● **Problem to work on**
Exact reproduction of the listing is required. Pictures are not reproduced.

(Beginning of Extracted entries)

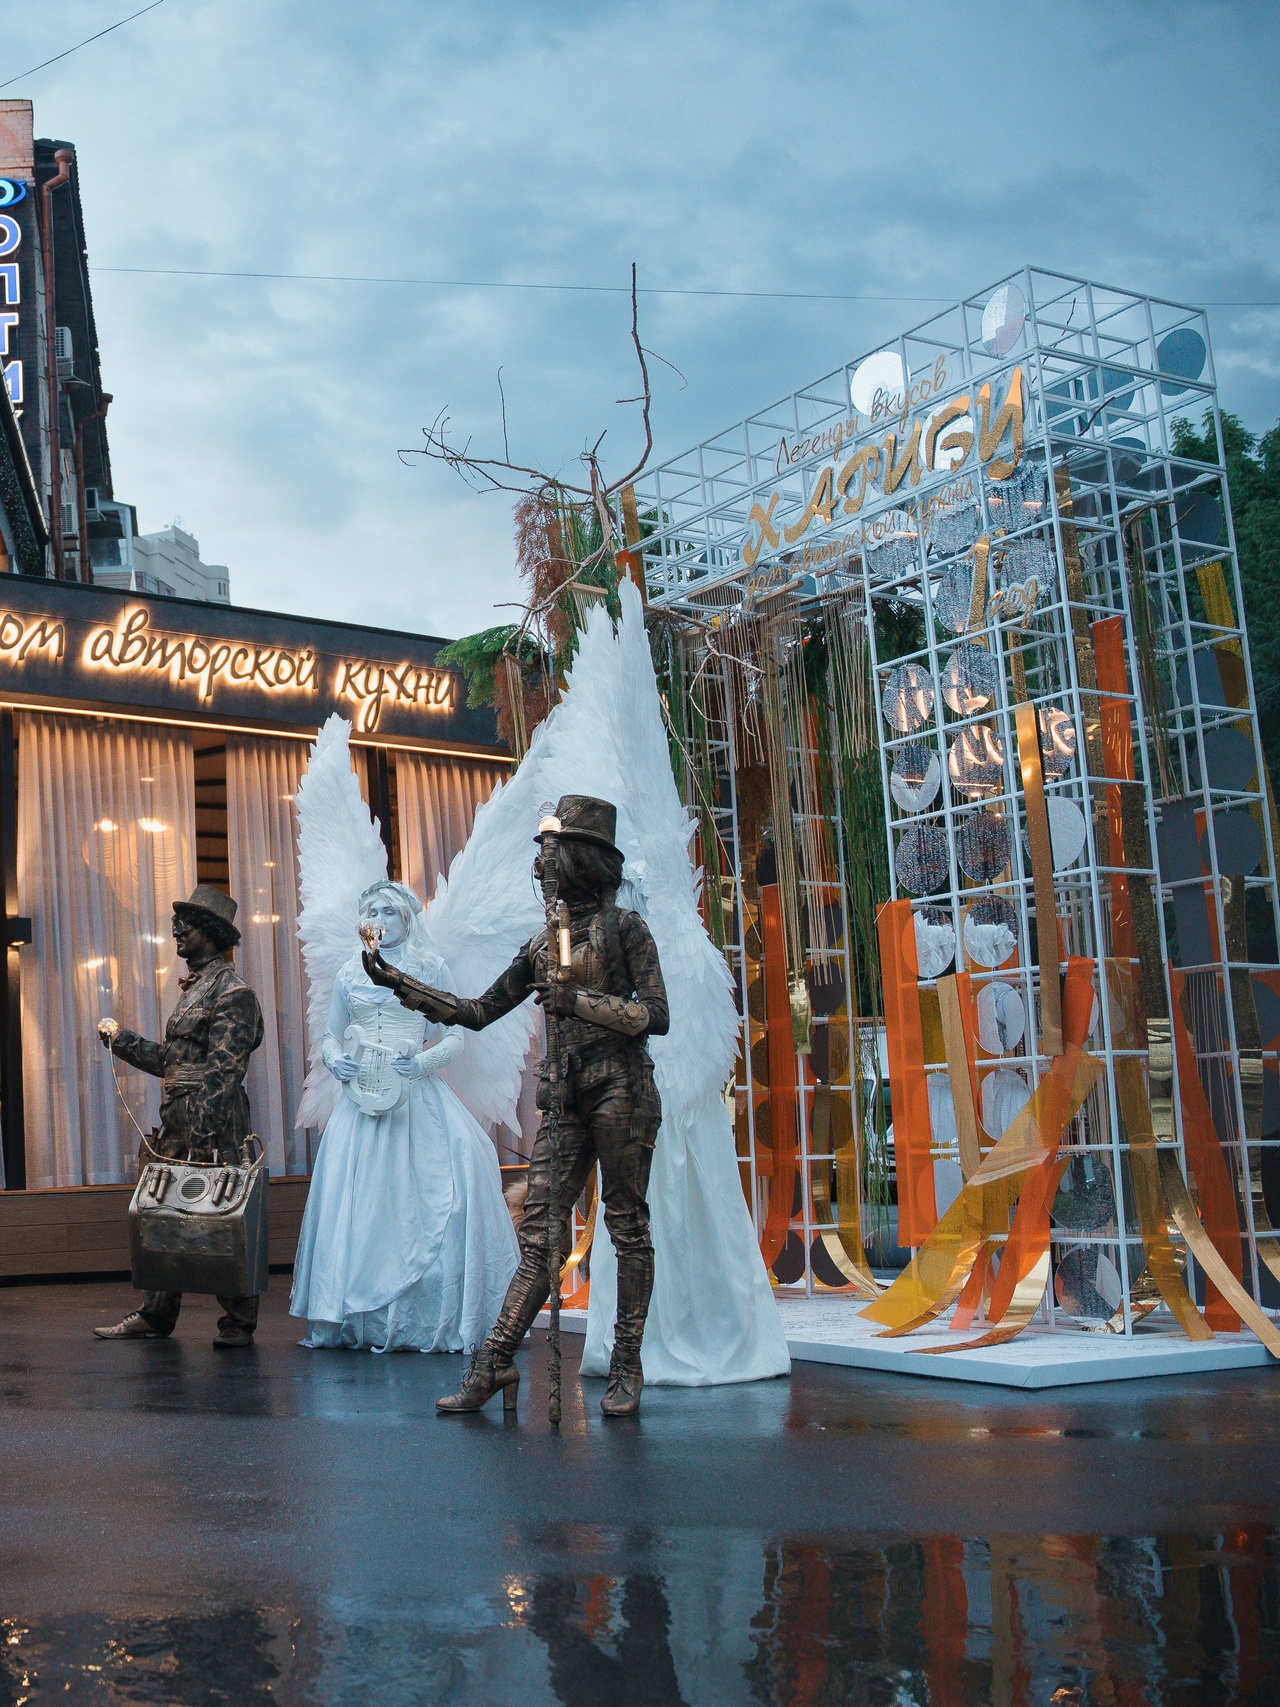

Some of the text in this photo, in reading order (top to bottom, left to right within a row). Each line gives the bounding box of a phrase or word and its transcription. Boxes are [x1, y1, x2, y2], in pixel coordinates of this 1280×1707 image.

[742, 365, 1024, 567] ХАРИБУ
[776, 354, 947, 477] Легенды вкусов
[987, 577, 1039, 630] год
[89, 608, 320, 697] авторской
[340, 660, 456, 733] кухни
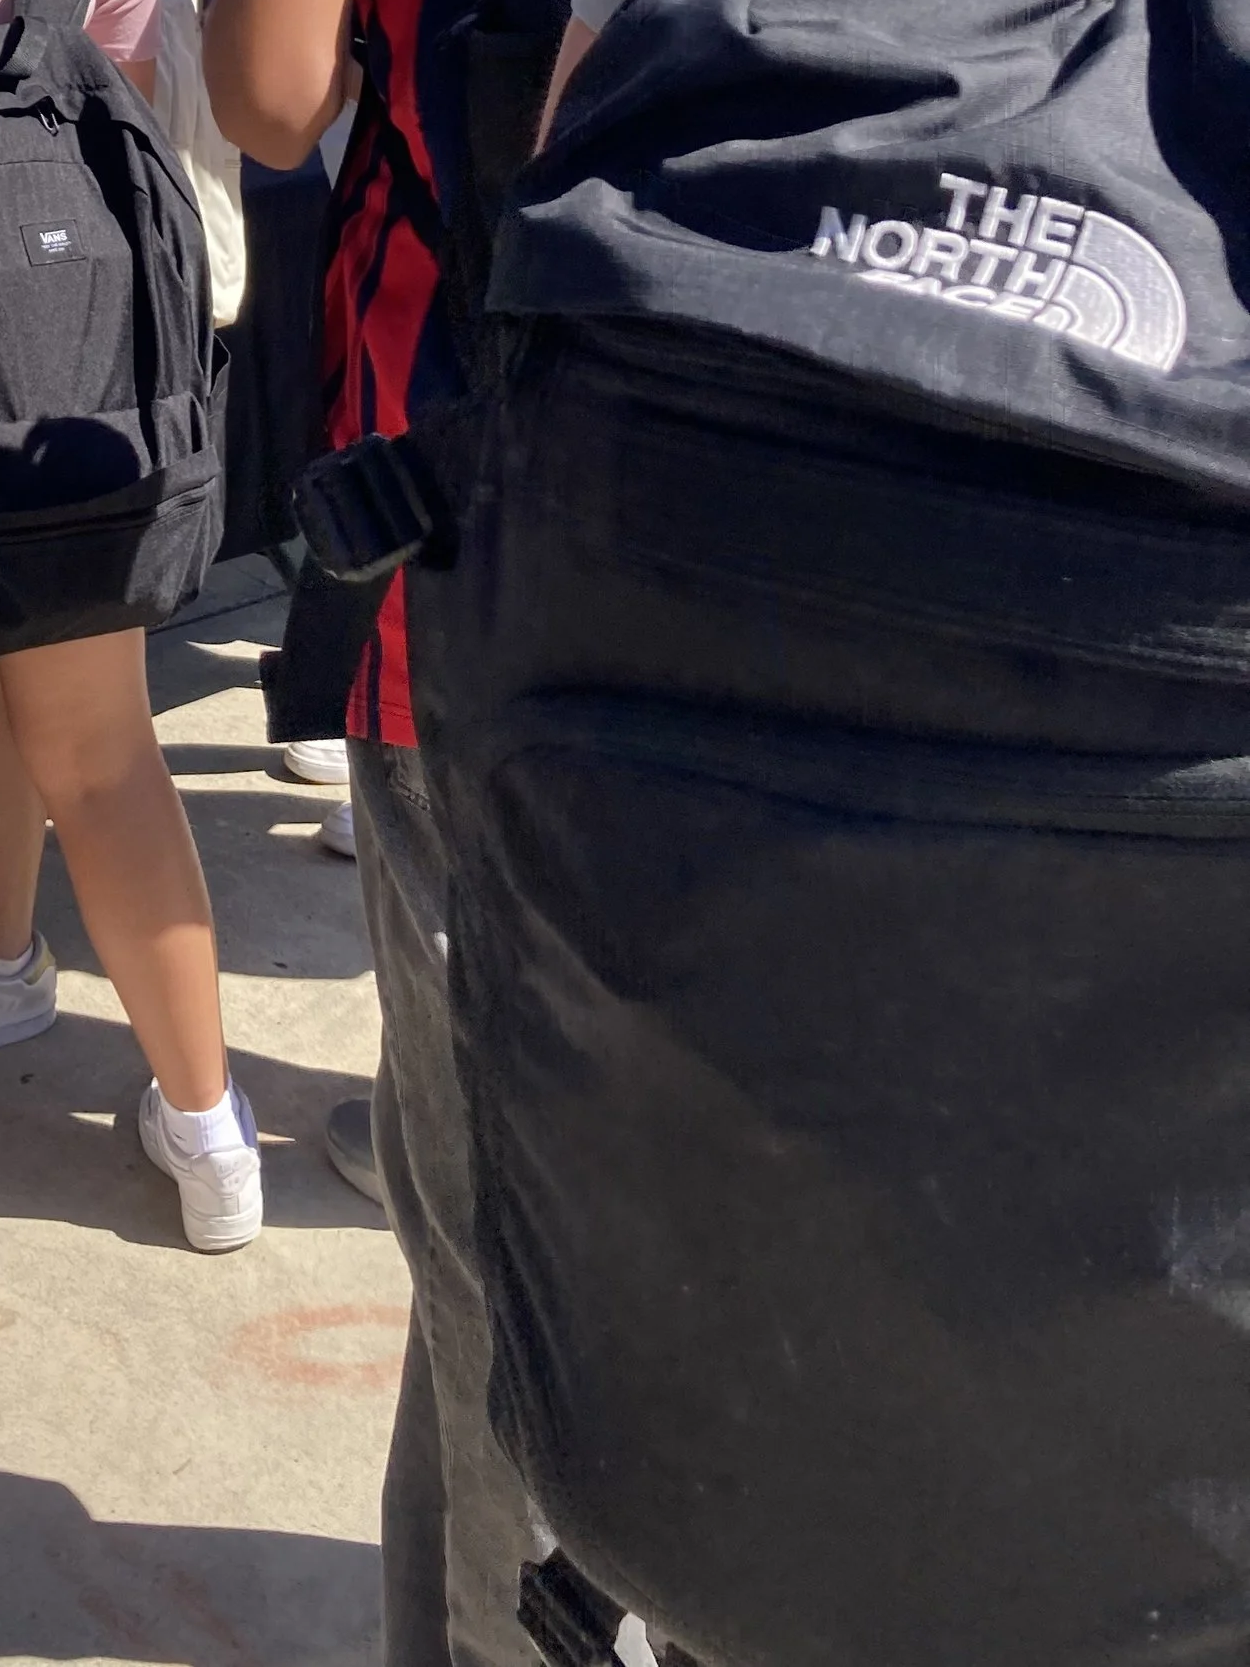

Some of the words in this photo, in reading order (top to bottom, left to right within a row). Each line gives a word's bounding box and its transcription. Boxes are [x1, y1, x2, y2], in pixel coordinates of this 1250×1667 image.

(End of Extracted entries)

● **Expected output**
Some of the text in this photo, in reading order (top to bottom, left to right within a row). Each line gives the bounding box of a phrase or word and its transcription. Boxes are [x1, y1, x2, y2], in pixel coordinates of this 1280×1707 image.

[742, 365, 1024, 567] ХАРИБУ
[776, 354, 947, 477] Легенды вкусов
[987, 577, 1039, 630] год
[89, 608, 320, 697] авторской
[340, 660, 456, 733] кухни

Some of the words in this photo, in reading order (top to bottom, left to right within a row). Each line gives a word's bounding box and its transcription. Boxes are [x1, y1, x2, y2], in pixel coordinates of this 1250×1667 image.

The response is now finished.